Ich kämpfte mich mühsam dorthin durch und wählte mir dieses Vorderzimmer als Unterkunft. Alles scheint möbliert zu sein, doch fallen die meisten Möbel schon auseinander. Ich schreibe dies um acht Uhr, nach einer kalten Mahlzeit aus meiner Reisetasche. Später werden mir die Dorfbewohner Nachschub bringen, auch wenn sie sich vorerst (wie sie sagen) nicht bereit erklärt haben, weiter als bis zu den Ruinen des Parktores zu kommen. Ich wünschte, ich könnte ein

unangenehmes Gefühl der Vertrautheit mit dieser Stätte loswerden.

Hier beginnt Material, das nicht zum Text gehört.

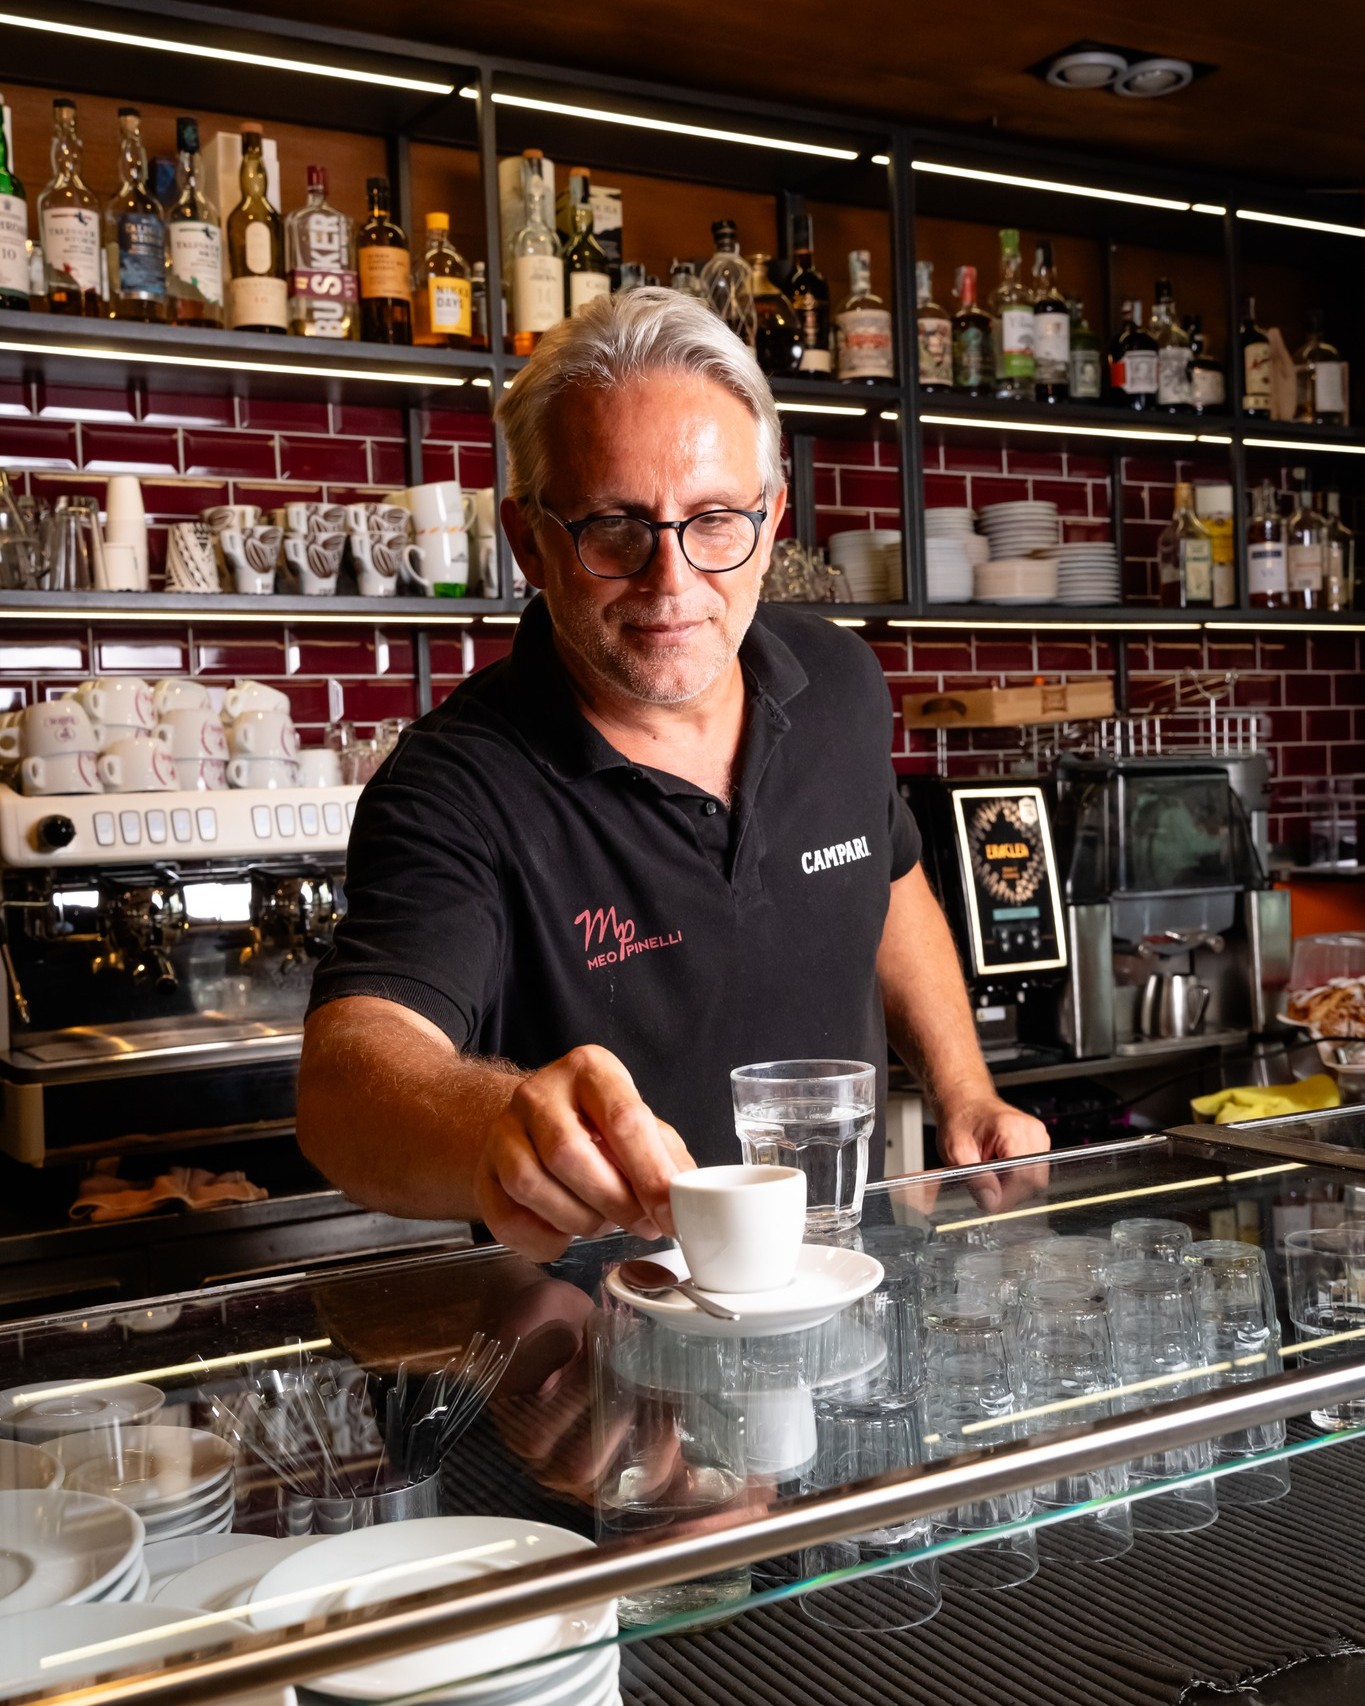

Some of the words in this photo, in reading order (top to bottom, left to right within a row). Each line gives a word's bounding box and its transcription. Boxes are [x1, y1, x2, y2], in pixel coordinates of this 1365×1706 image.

[2, 247, 17, 260] 10
[308, 213, 344, 339] BUSKER
[586, 950, 618, 972] MEO
[625, 929, 683, 958] PINELLI
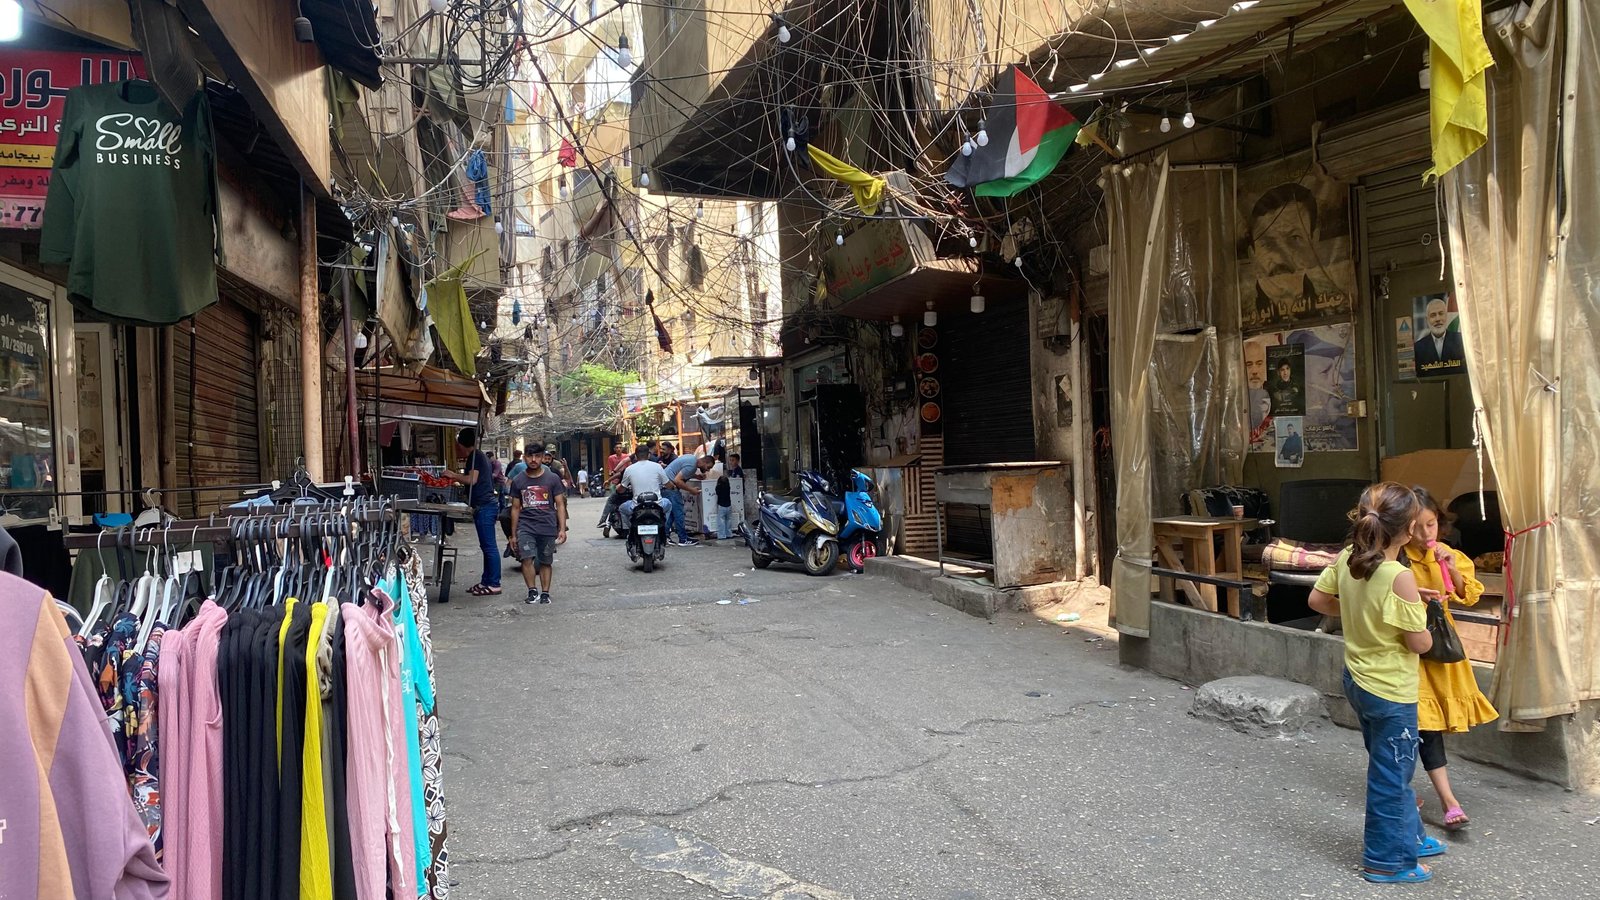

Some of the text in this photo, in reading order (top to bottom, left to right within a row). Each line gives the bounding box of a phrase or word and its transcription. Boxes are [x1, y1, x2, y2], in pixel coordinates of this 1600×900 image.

[95, 113, 182, 155] Small
[96, 153, 181, 170] BUSINESS
[0, 175, 33, 190] ومفر
[1278, 300, 1288, 320] يا
[1290, 295, 1312, 313] الله
[0, 313, 15, 328] داو
[1421, 360, 1460, 371] القائد الشهيد

Später Ich bin mir sicher, daß mehrere Wesen sich in diesem Haus aufhalten. Eines davon ist mir entschieden feindlich gesinnt - ein bösartiger Wille, der danach strebt, meinen eigenen zu bezwingen und mich zu überwältigen. Ich darf das keinen Augenblick lang zulassen, sondern muß meine ganze Kraft aufbieten, um Widerstand zu leisten. Es ist entsetzlich böse und entschieden nichtmenschlich. Ich glaube, es muß mit Mächten außerhalb der Erde in Verbindung stehen - Mächten in den Räumen hinter der Zeit und außerhalb des Universums. Es ragt wie ein Koloß in die Höhe und bestätigt damit, was in den Aklo-Schriften behauptet wird. Mit ihm ist eine Empfindung solch ungeheurer Größe verbunden, daß ich mich frage, wie diese Kammern seine Masse aufnehmen können - und doch hat es keine sichtbare Ausdehnung. Sein Alter muß unaussprechlich hoch sein - schockierend, nicht zu beschreiben.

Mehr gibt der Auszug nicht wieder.